Though Kelly didn’t say this, it was almost as though her mother treated her as a doll or a plaything: as soon as she could no longer make the doll do what she wanted it to, she tossed it aside.

Skip forward some years to Karen’s reunion with Kelly. Lo and behold, Kelly is a mini-Karen. She strongly resembles her birthmother in appearance, speaks like her birthmother, has similar interests to her birthmother. Meeting Karen was like coming home. And the mere thought of it devastated Kelly’s adoptive mom. Even though she was never close to her daughter the way she’d envisioned their relationship in her dreams, Patricia would be damned if she’d let this interloper (aka the person who GAVE BIRTH to her child) be the mother she could never be to her daughter. So even though Kelly was a legal adult before she and Karen had their reunion, she’s had to run the gauntlet of guilt trips and psychological terrorism to pursue a relationship with her birthmom.

As she’s gotten older, Kelly’s begun to learn better self-care – and that means fewer interactions with Patricia, regardless of the guilt her mom still tries to heap on her. It means conveniently forgetting to tell her mom when she’s been to visit Karen, or how much she and her half-brother resemble each other. Karen married 17 years ago and has a 13-year-old son with her husband, Henry.
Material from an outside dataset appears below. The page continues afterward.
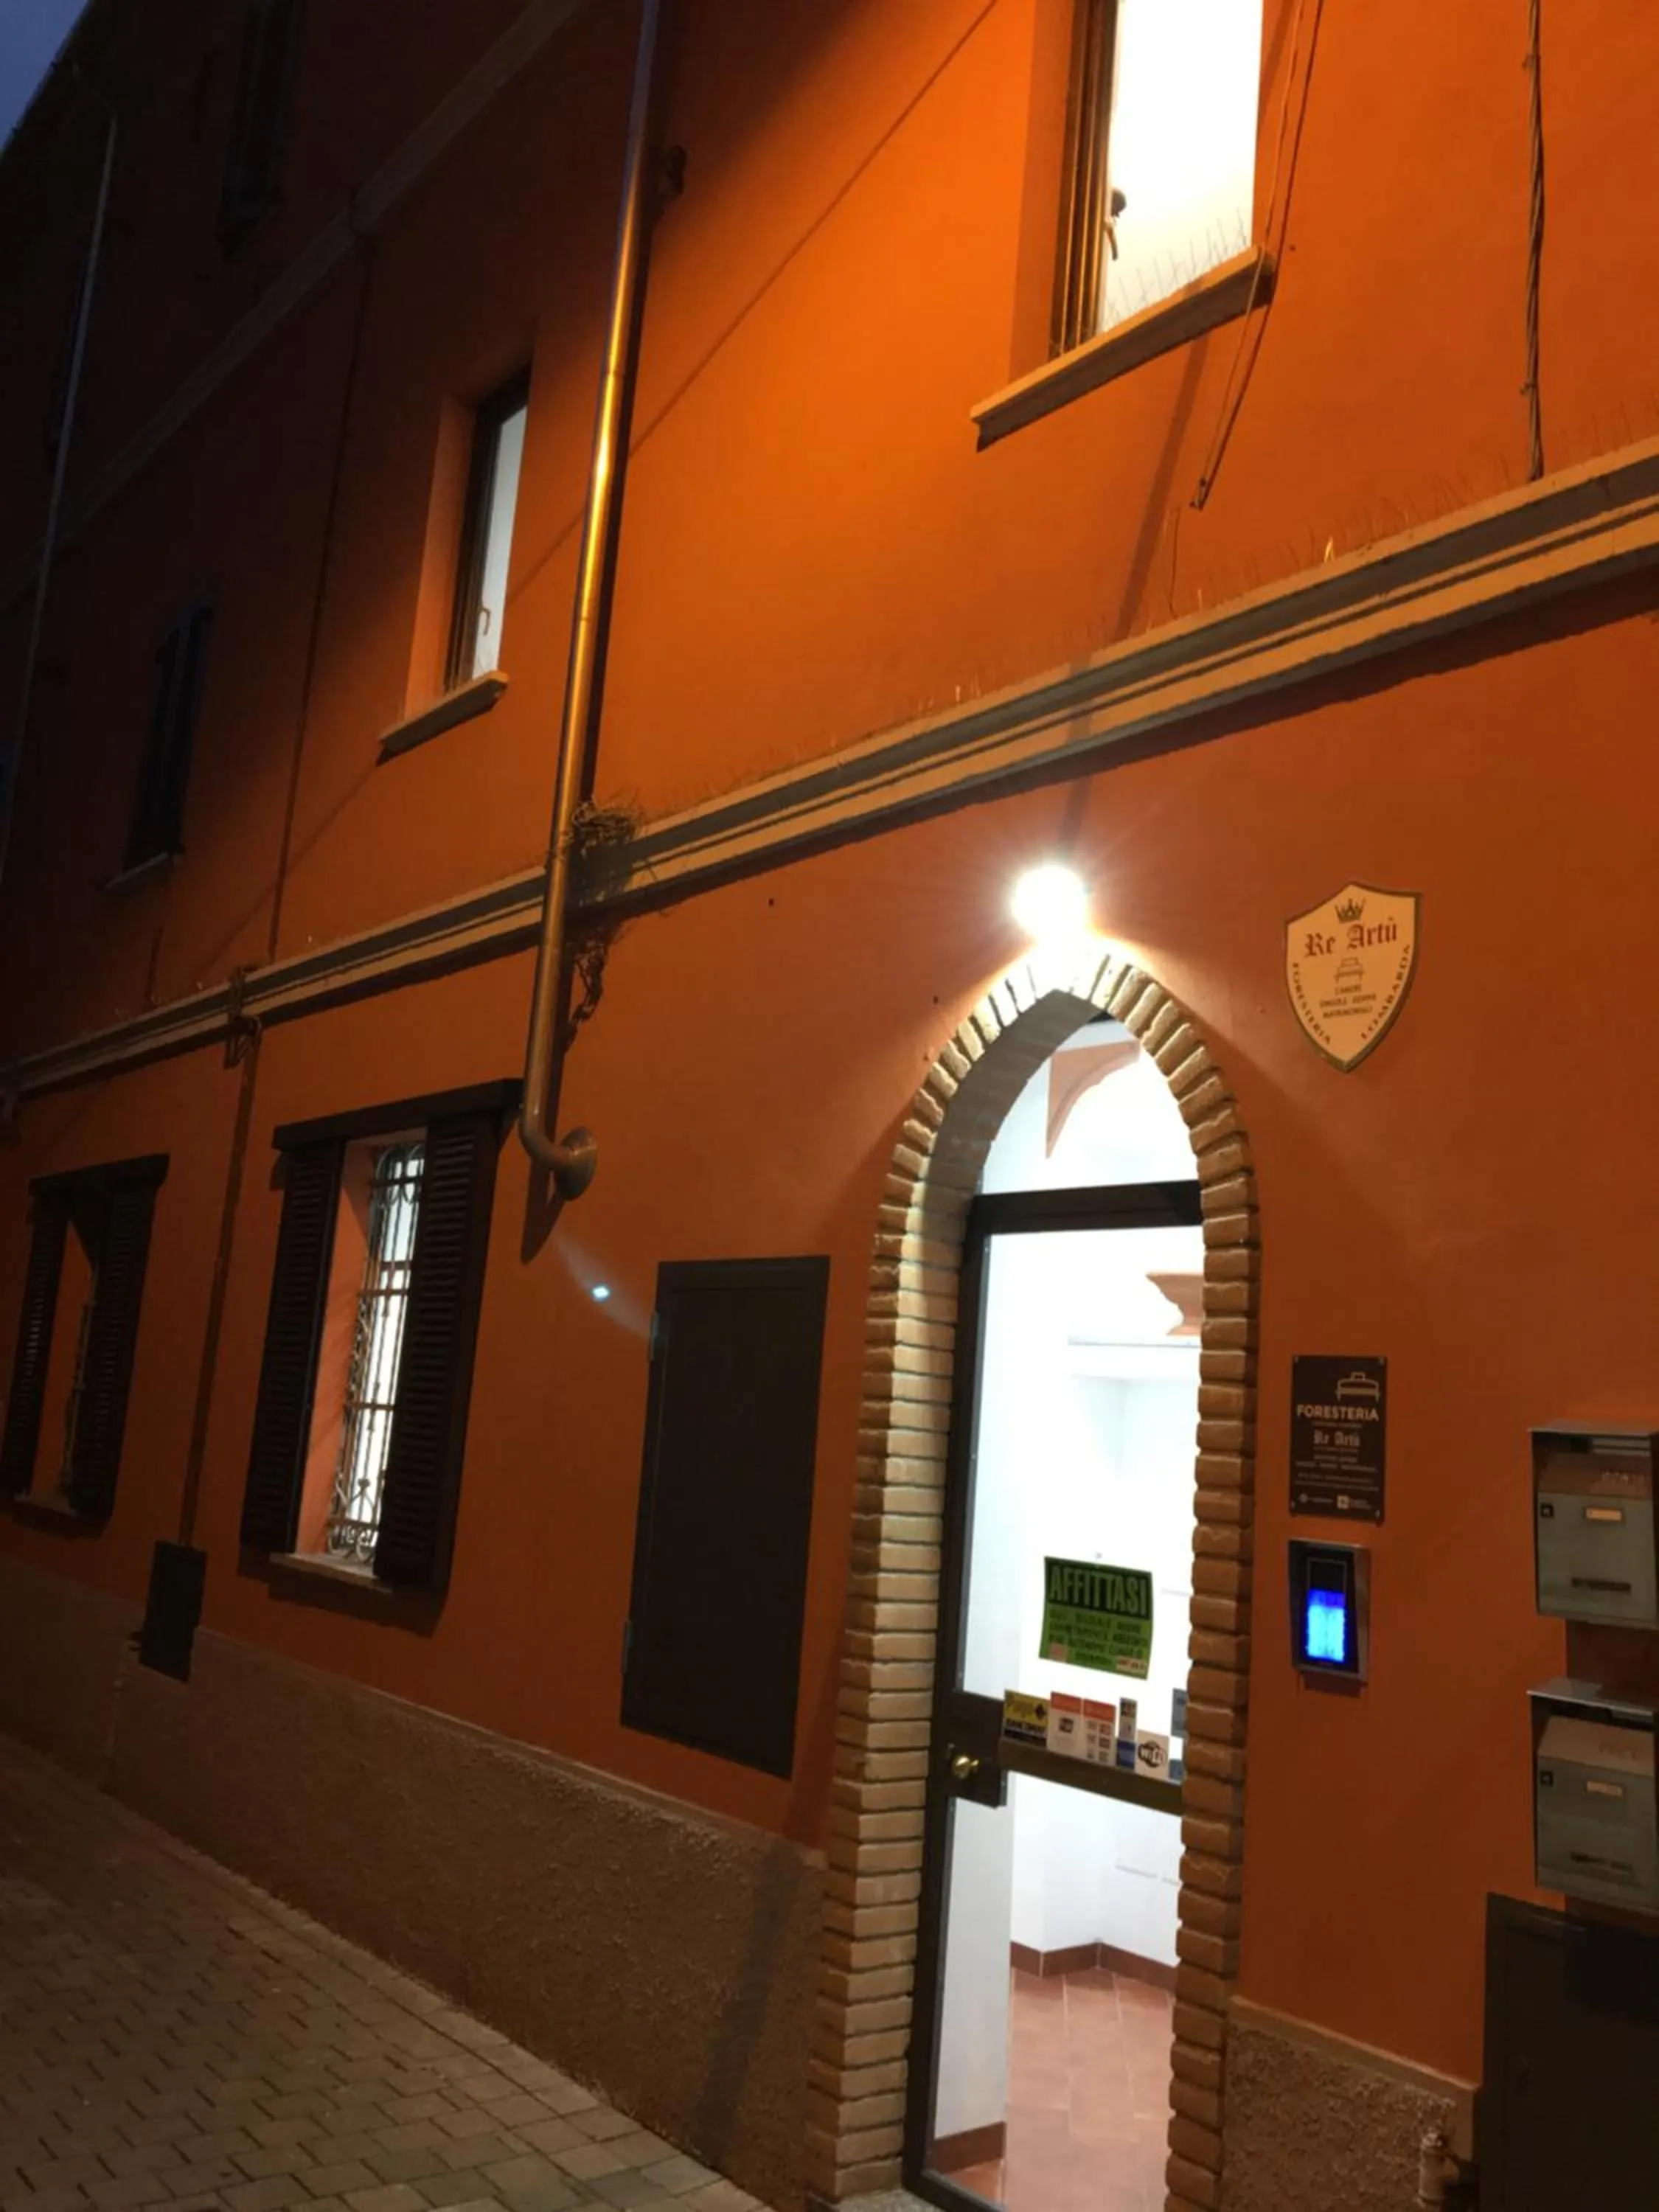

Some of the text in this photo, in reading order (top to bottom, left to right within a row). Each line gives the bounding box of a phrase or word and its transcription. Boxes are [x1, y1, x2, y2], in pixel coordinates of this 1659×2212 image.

[1304, 933, 1336, 958] Re
[1296, 1403, 1380, 1422] FORESTERIA
[1049, 1564, 1148, 1617] AFFITTASI
Kelly is involved in politics, working as a grass-roots organizer and campaigner for several local candidates in New Jersey and other Eastern states. During her work on a recent campaign, she met a man a few years younger than she – a man she thinks she might like to marry one day. How to hold a wedding, though, when you have two mothers, one of whom refuses to acknowledge the existence of the other? It sounds like the drama straight out of a Lifetime movie of the week, but these are real people who are dealing with these emotions today, in 2018.

I’ll admit that given my place in the adoption triad, I generally have a natural bias toward the birthmother. But I cannot help but think that even if I had no stake in the adoption arena, I might see this one from Kelly’s and Karen’s perspective. And, if given the opportunity, I might tell Patricia that just because her daughter wasn’t her clone, didn’t fall in line or measure up to her standards, just because their relationship wasn’t what she’d imagined it would be in her pre-adoption fantasies, doesn’t mean her daughter doesn’t love her. It doesn’t mean she failed as a mother. And it doesn’t mean that there’s anything wrong with her. But I would also tell her that it’s not her daughter’s job to make her happy. It’s not her daughter’s job to live up to the fantasy standards she dreamed up before she knew the real person her daughter would become. And it’s not fair to hold any of her shattered dreams against her daughter.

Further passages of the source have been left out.